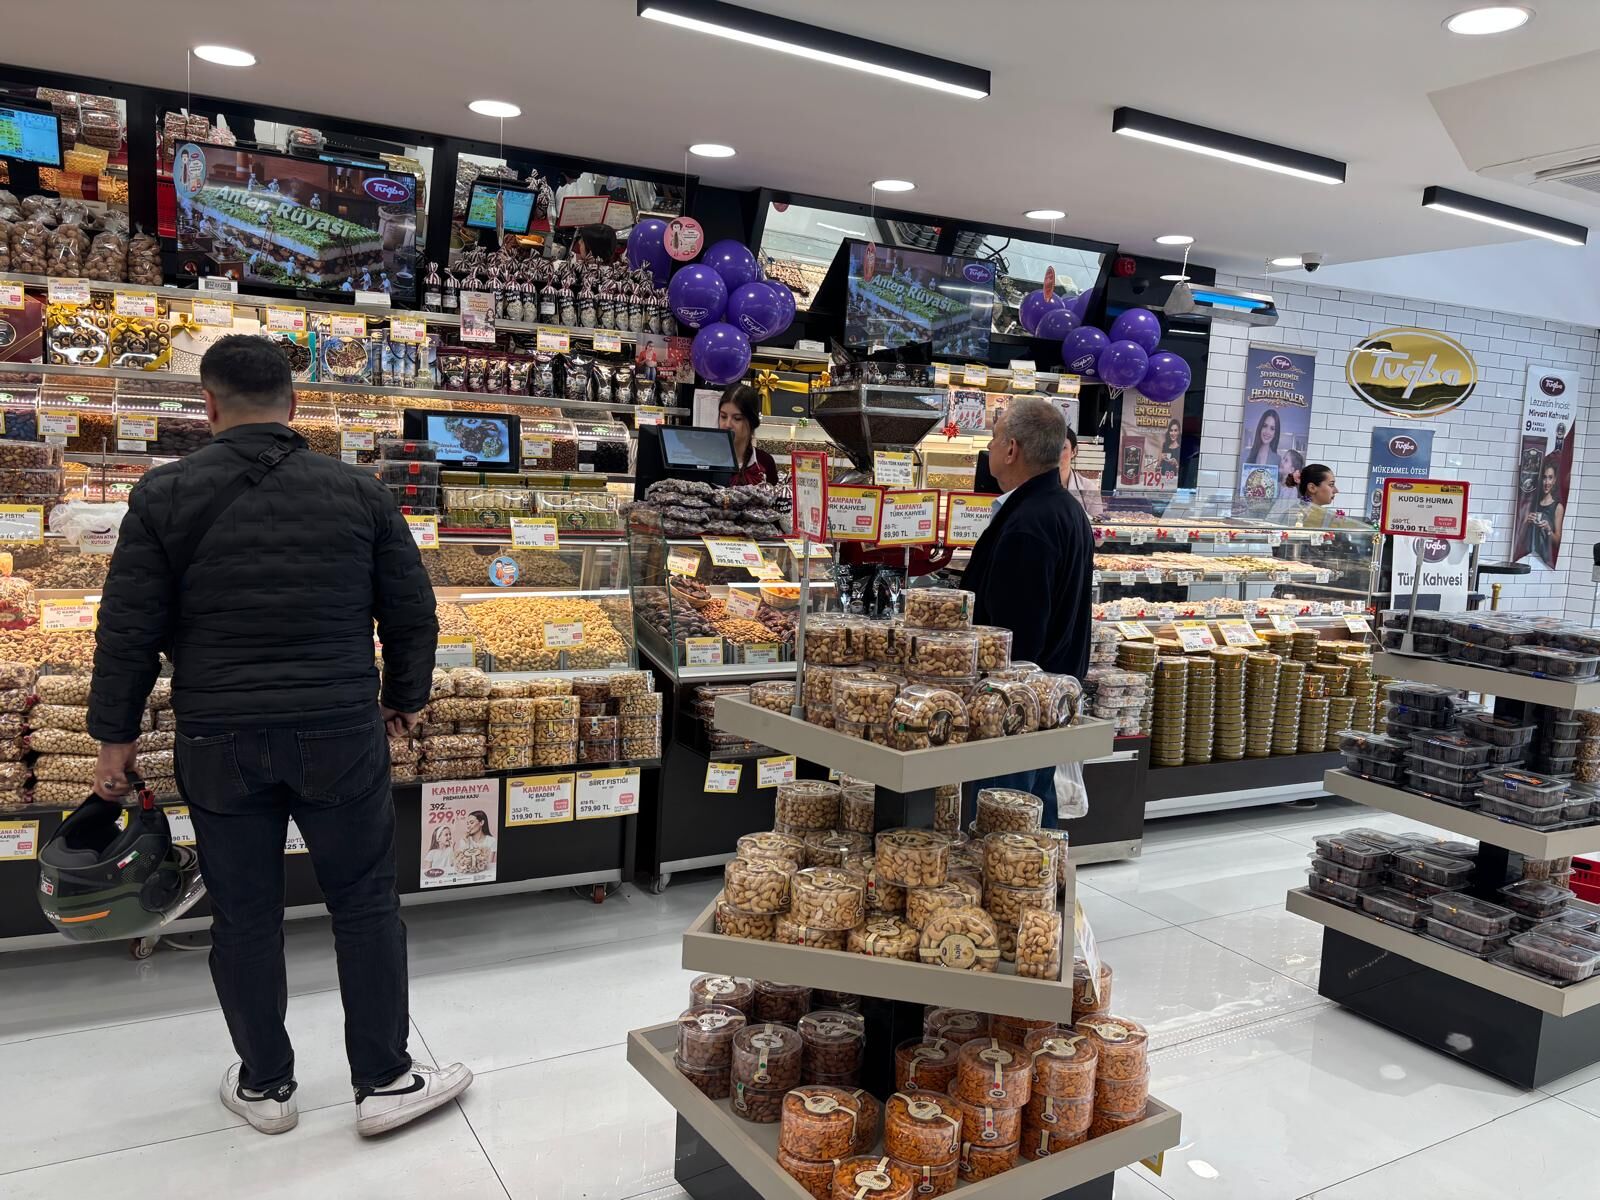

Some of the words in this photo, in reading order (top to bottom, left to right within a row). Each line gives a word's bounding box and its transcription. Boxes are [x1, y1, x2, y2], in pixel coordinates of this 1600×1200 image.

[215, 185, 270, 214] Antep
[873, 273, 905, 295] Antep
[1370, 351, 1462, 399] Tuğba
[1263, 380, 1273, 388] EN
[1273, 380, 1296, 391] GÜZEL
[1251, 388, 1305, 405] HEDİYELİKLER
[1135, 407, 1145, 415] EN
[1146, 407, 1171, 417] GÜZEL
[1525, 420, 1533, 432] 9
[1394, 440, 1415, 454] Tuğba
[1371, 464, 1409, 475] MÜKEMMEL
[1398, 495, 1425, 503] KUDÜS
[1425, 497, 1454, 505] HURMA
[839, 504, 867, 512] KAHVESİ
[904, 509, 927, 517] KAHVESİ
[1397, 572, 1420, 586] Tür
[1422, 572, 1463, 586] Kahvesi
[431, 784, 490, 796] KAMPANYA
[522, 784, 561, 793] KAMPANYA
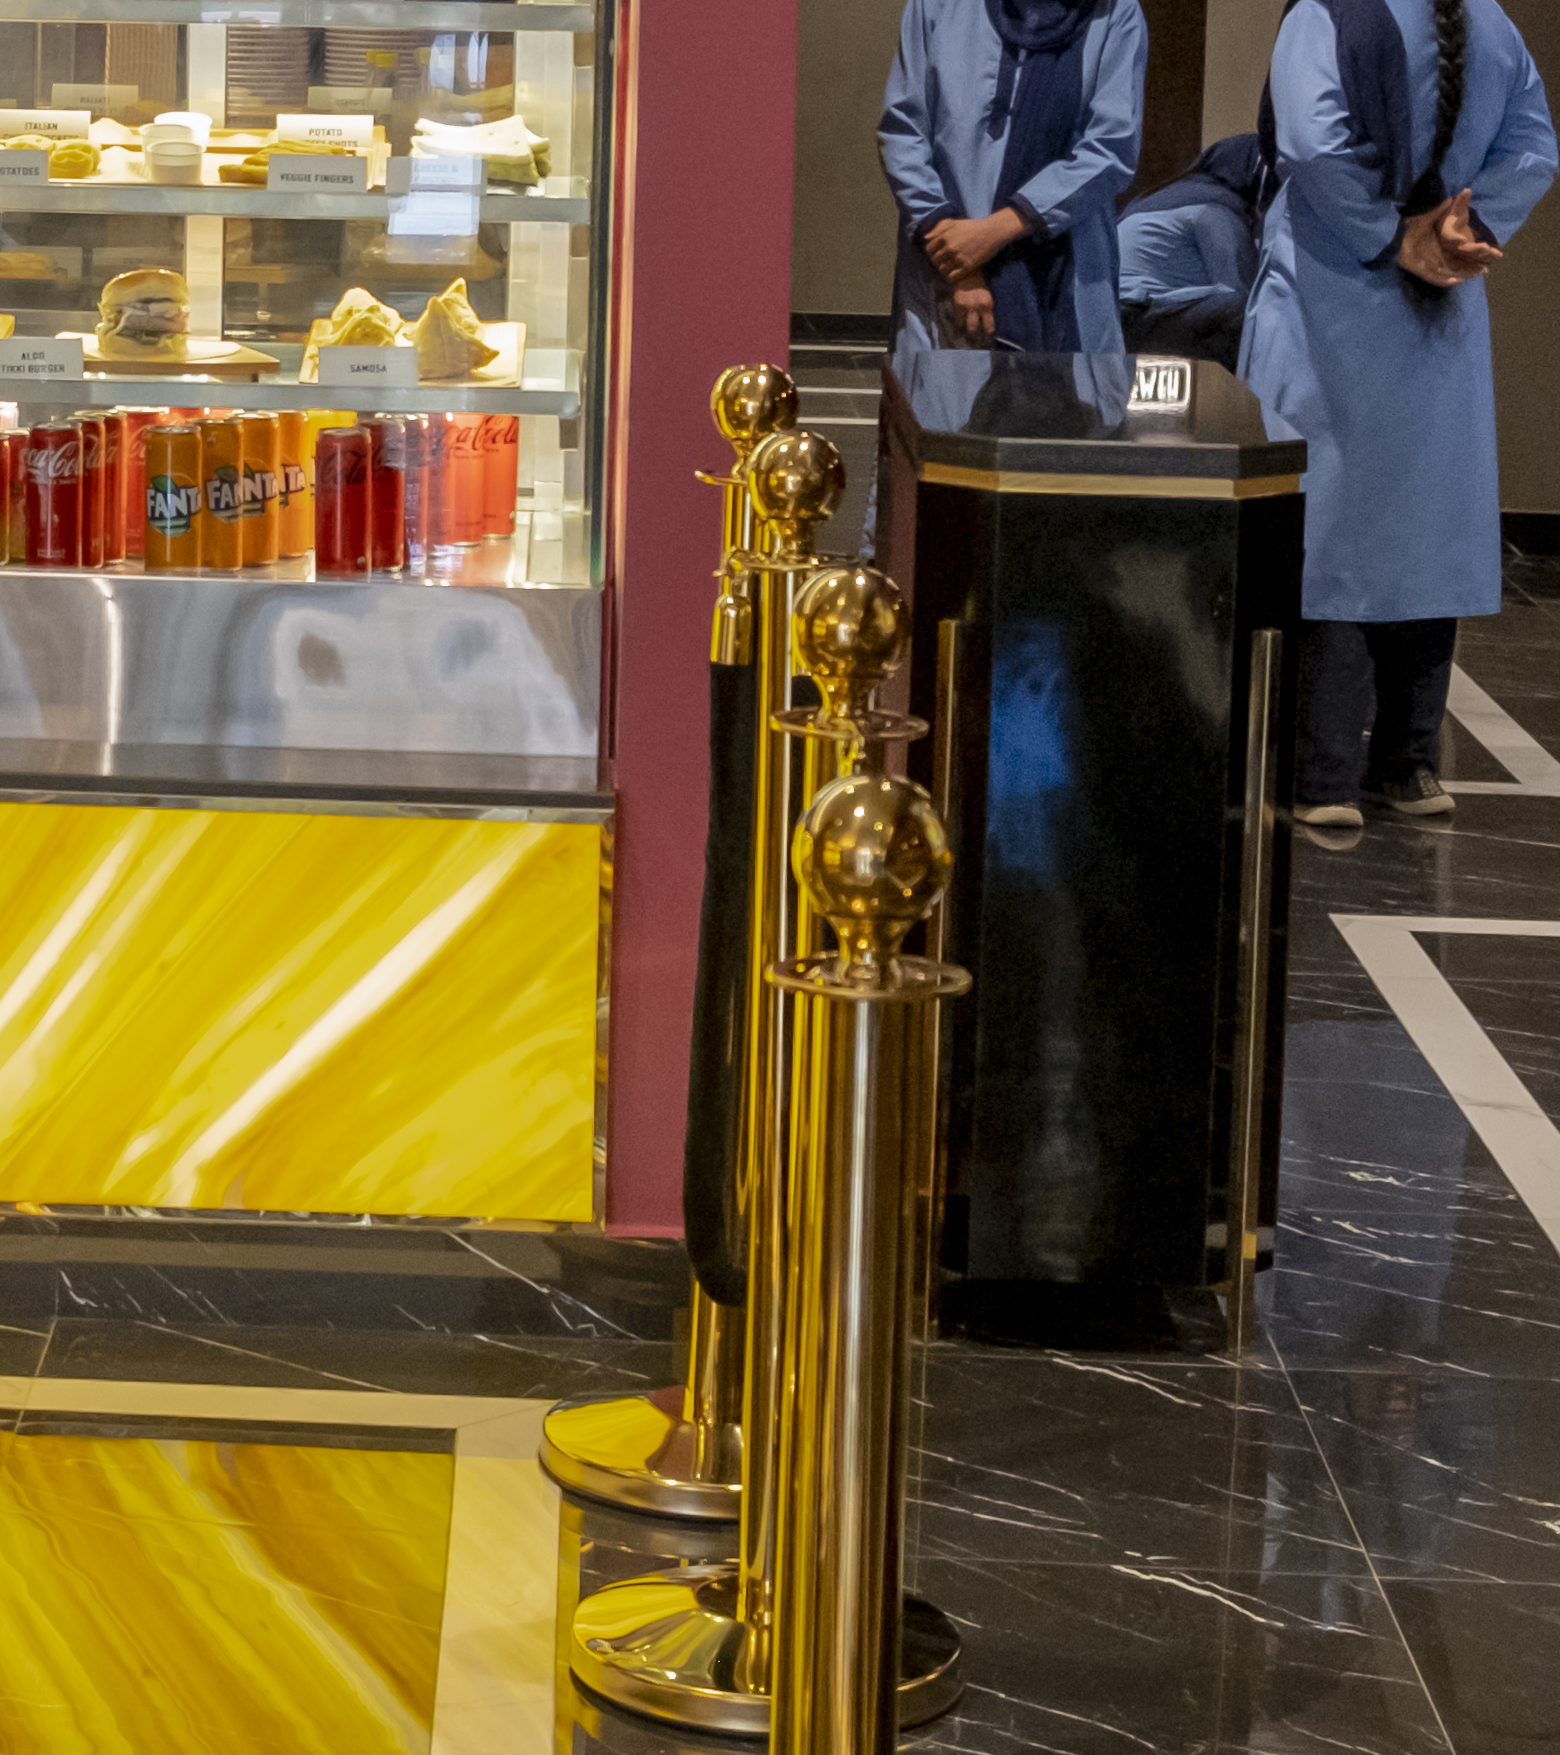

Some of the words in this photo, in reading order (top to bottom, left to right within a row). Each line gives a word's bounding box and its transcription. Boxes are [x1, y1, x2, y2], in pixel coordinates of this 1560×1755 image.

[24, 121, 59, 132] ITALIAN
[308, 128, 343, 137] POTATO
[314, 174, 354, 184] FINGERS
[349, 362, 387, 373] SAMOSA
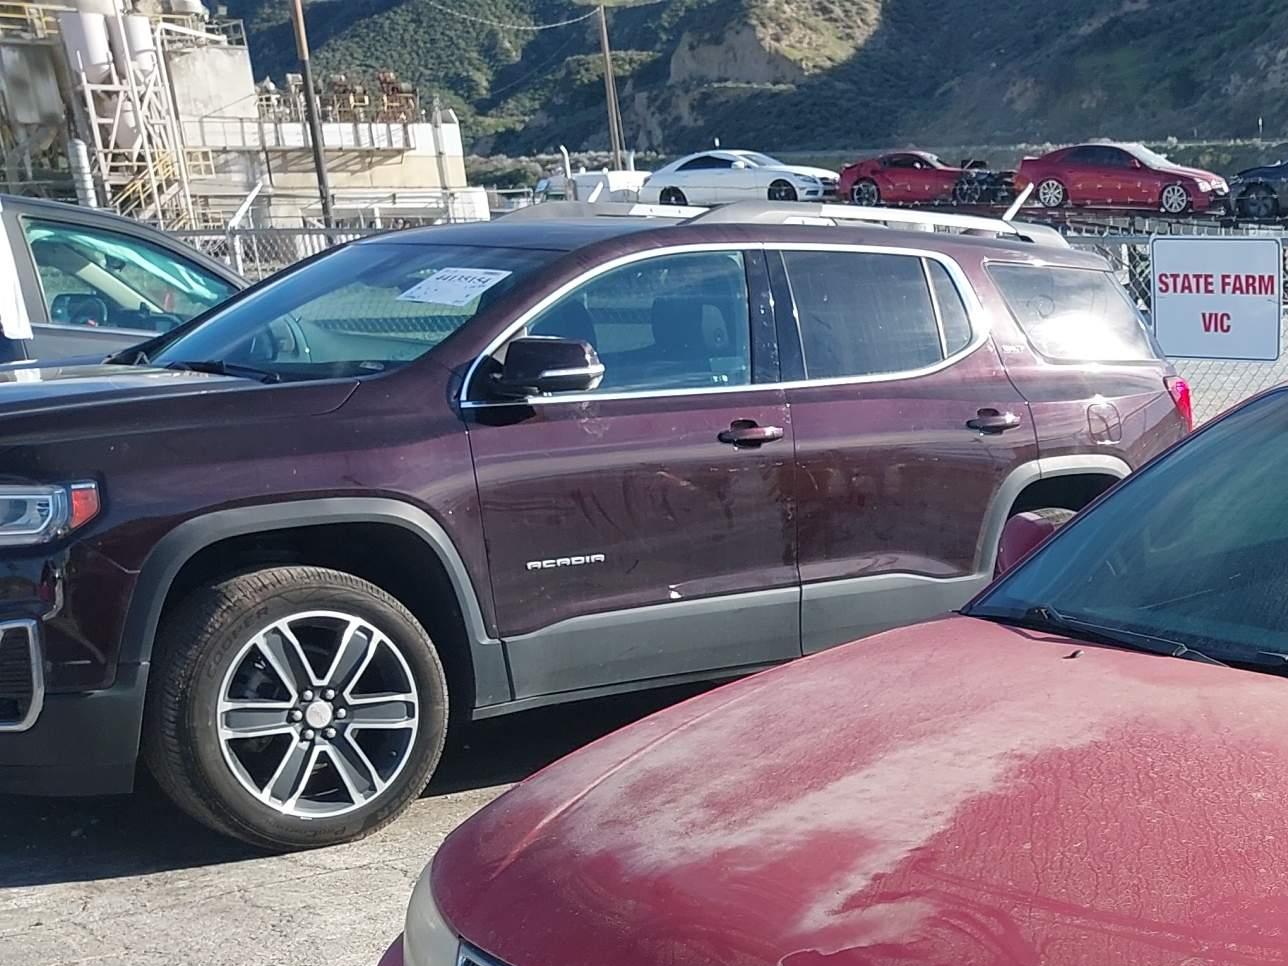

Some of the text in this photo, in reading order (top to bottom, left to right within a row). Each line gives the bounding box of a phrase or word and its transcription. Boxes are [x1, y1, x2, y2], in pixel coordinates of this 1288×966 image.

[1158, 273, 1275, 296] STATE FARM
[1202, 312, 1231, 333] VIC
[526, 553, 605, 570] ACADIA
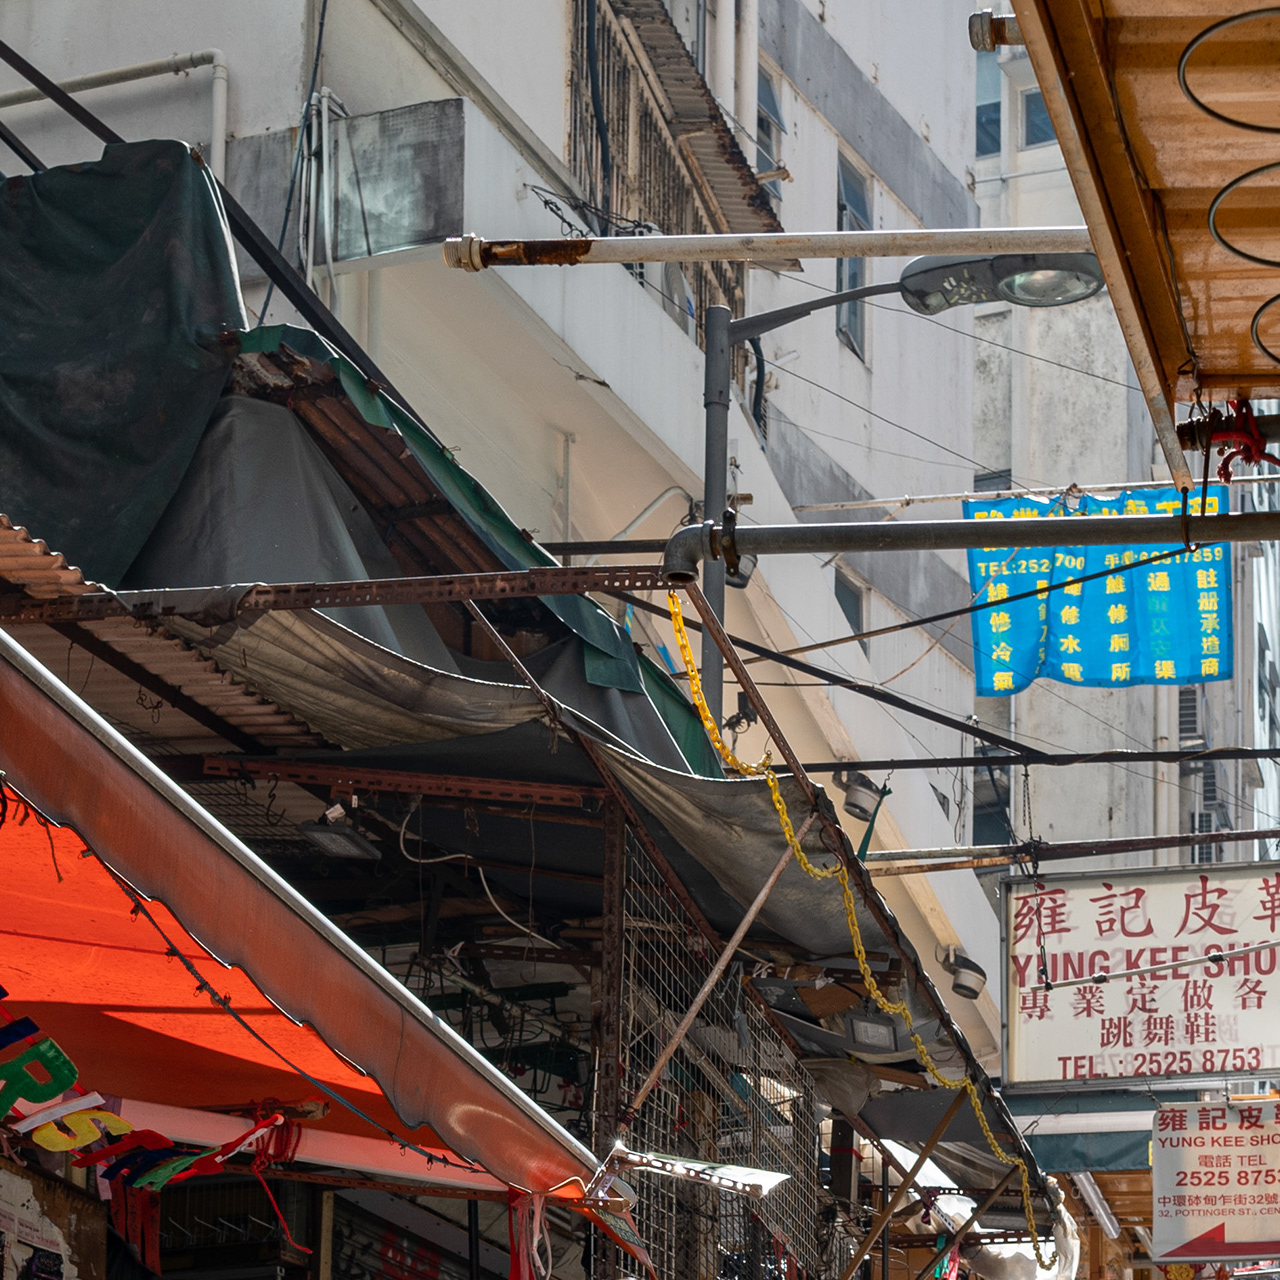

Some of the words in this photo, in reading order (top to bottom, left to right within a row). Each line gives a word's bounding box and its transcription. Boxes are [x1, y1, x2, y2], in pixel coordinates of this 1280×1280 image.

- - -

▸ PROBLEM TO SOLVE: Copy the whole listing above word for word but do not carry over the pictures.

▸ TASK RESPONSE:
Some of the words in this photo, in reading order (top to bottom, left to right within a row). Each line gives a word's bounding box and its transcription. Boxes are [x1, y1, x2, y2], in pixel coordinates of this 1600×1200 image.

[215, 185, 270, 214] Antep
[873, 273, 905, 295] Antep
[1370, 351, 1462, 399] Tuğba
[1263, 380, 1273, 388] EN
[1273, 380, 1296, 391] GÜZEL
[1251, 388, 1305, 405] HEDİYELİKLER
[1135, 407, 1145, 415] EN
[1146, 407, 1171, 417] GÜZEL
[1525, 420, 1533, 432] 9
[1394, 440, 1415, 454] Tuğba
[1371, 464, 1409, 475] MÜKEMMEL
[1398, 495, 1425, 503] KUDÜS
[1425, 497, 1454, 505] HURMA
[839, 504, 867, 512] KAHVESİ
[904, 509, 927, 517] KAHVESİ
[1397, 572, 1420, 586] Tür
[1422, 572, 1463, 586] Kahvesi
[431, 784, 490, 796] KAMPANYA
[522, 784, 561, 793] KAMPANYA

Some of the words in this photo, in reading order (top to bottom, left to right within a row). Each line gives a word's bounding box and its transcription. Boxes are [x1, y1, x2, y2], in pixel coordinates of this 1560×1755 image.

[24, 121, 59, 132] ITALIAN
[308, 128, 343, 137] POTATO
[314, 174, 354, 184] FINGERS
[349, 362, 387, 373] SAMOSA

Some of the text in this photo, in reading order (top to bottom, left to right within a row). Each line gives the bounding box of a phrase or word and its transcription. Boxes are [x1, y1, x2, y2], in pixel coordinates of this 1288×966 image.

[1158, 273, 1275, 296] STATE FARM
[1202, 312, 1231, 333] VIC
[526, 553, 605, 570] ACADIA

Some of the words in this photo, in reading order (top to bottom, left to right within a row). Each line gives a word's bounding box and its transcription. Boxes are [x1, y1, x2, y2], in pixel coordinates of this 1280×1280 image.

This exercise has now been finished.